And for the first time in this red and gold world, I felt a strange peace.

Kim Ye-ri was dangerous. Kim Ye-ri was unpredictable. Kim Ye-ri was sharp as a blade.

But she had chosen to stand beside me.

And that choice mattered.

More than anything else the system gave.

Diary Entry Eight

Aria Valestra, but still Kwon Ji-yeon

Solara is built on pride and bleeding edges. It is a country that demands patriotism the way dying people demand air. Yet the memories they placed inside me… they feel too familiar. Too real. They whisper of a woman who tried to fight this system and failed.

I do not intend to fail.

I saw Kim Ye-ri again. Not the cold observer from Floor One. Not yet the soft girl she becomes around me. Something in between. She tries to act distant, but she warms the moment she sees injustice. She hides it, but it glows in her eyes. That softness might become her greatest weapon. Or her downfall.

The future of this world is horrifying. A nation tearing itself apart because no one remembers how to question authority.

But I will save the thirty-six. I will confront the lies dressed as laws. I will carve truth into a courtroom designed to silence it.

This world feels heavy.

But I am not carrying it alone.

Ye-ri walks beside me.

And that makes the weight feel possible.

The courthouse towered over us like a monument pretending to be righteous. Heavy stone arches, polished floors that reflected distorted silhouettes, guards stationed every six steps as if truth itself were a criminal that needed to be kept in chains. Inside, the air tasted like ink, metal, and old despair. Voices echoed in distant hallways—pleas, bargains, confessions that weren't confessions at all.
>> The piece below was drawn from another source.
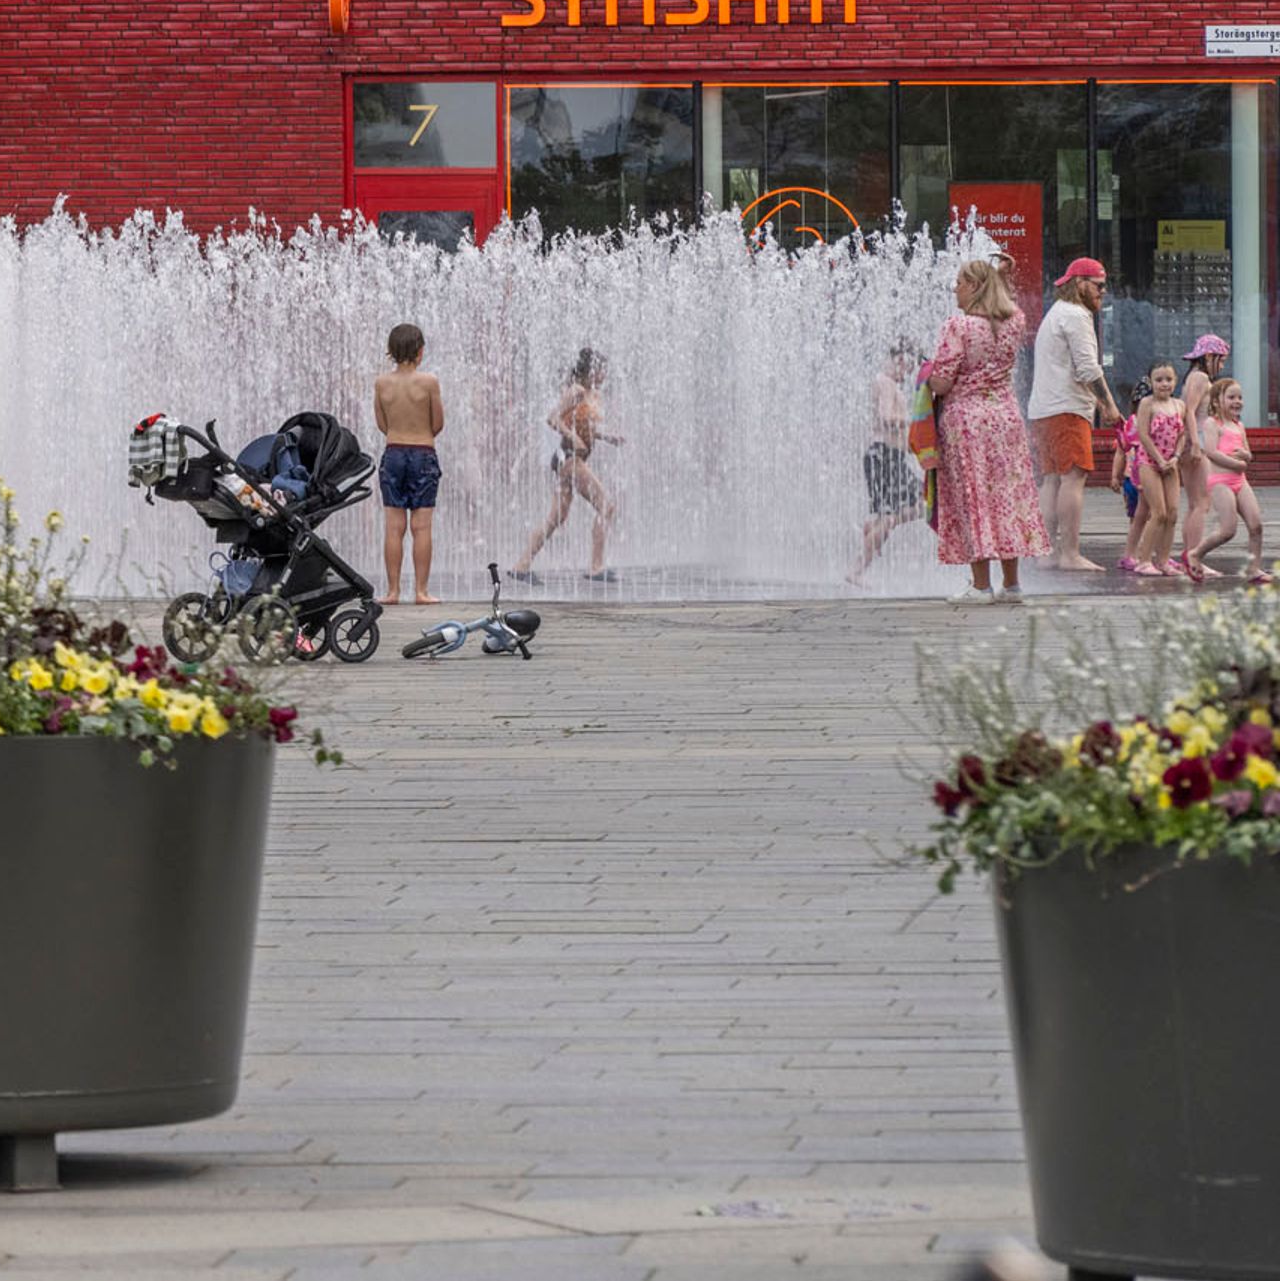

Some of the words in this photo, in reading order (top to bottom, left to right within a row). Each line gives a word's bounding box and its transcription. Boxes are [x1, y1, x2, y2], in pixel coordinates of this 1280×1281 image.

[409, 104, 439, 147] 7
[990, 213, 1008, 223] blir
[1010, 213, 1025, 223] du
Kim Ye-ri walked beside me with her arms crossed, chin lifted just enough to look uninterested, though her eyes darted around sharply. She observed everything, every guard's posture, every camera angle, every clipped whisper behind closed doors. I could feel the tension thrumming beneath her calm exterior.
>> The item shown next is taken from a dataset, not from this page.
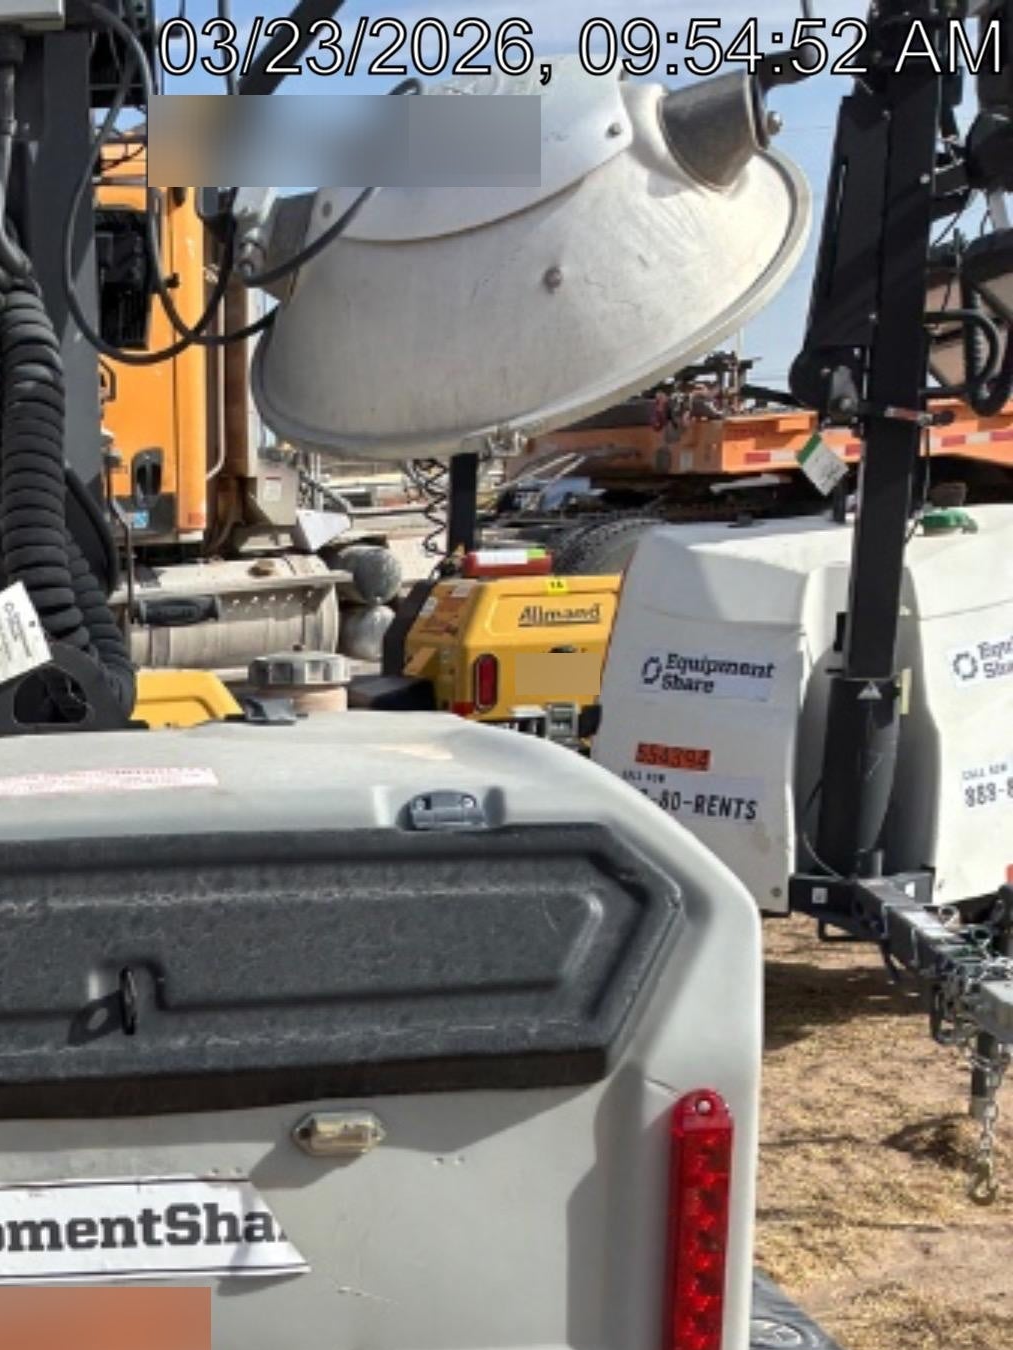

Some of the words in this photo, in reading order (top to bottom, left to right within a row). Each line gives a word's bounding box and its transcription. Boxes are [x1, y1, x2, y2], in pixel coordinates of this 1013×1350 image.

[517, 604, 601, 626] Allmand
[665, 653, 775, 678] Equipment
[661, 673, 715, 693] Share
We had received the case file five minutes ago. Thirty-six people accused of treason, terrorism, sedition, and twenty other crimes the system openly admitted were "fabricated charges essential for national unity."

"National unity," Ye-ri repeated bitterly as we looked over the accusations. "They might as well call it what it is. A cage."

"They call it patriotism here," I said.

"And what do they call murder?" she asked.

"They call it justice."

Her jaw tightened, and for a moment she looked ready to break something. But then she drew a slow breath, lowered her gaze to the papers again, and the cold persona returned.

"They want us to drown before the trial even starts," she murmured. "Look. Every witness is state-approved. Every report is written by the same two investigators."

"And each testimony contradicts itself," I added. "Which means they didn't even bother making the lies consistent."

She hummed softly, tapping one finger against her arm.

"This world… it's worse than Floor One."

"It's cruel in different ways," I said. "Cold cruelty. Organized cruelty."

Ye-ri looked up at me then, her eyes softer than before.

"Aria," she said, using the name the world had given me. "If it gets dangerous… you will tell me, right?"

"Danger is guaranteed," I answered.

"That wasn't my question."

She said it so quietly I nearly missed it. Her voice carried something unspoken, a fear not for herself, but for me. The way she looked at me…it reminded me painfully of another person who once looked at me like that. Lucian. But Ye-ri was different. Her affection wasn't possessive, or tragic.

It was protective.

And that scared me more than anything else here.

Before I could respond, a pair of soldiers approached, stiff-backed and unsmiling.

"Lawyer Aria Valestra," one announced. "The Ministry requests your presence. Immediately."

Ye-ri stepped between us before I did. Her body angled forward, ready to move. Ready to strike.

"No," she said. "Not without me."

The soldier frowned. "Junior advocates are not permitted—"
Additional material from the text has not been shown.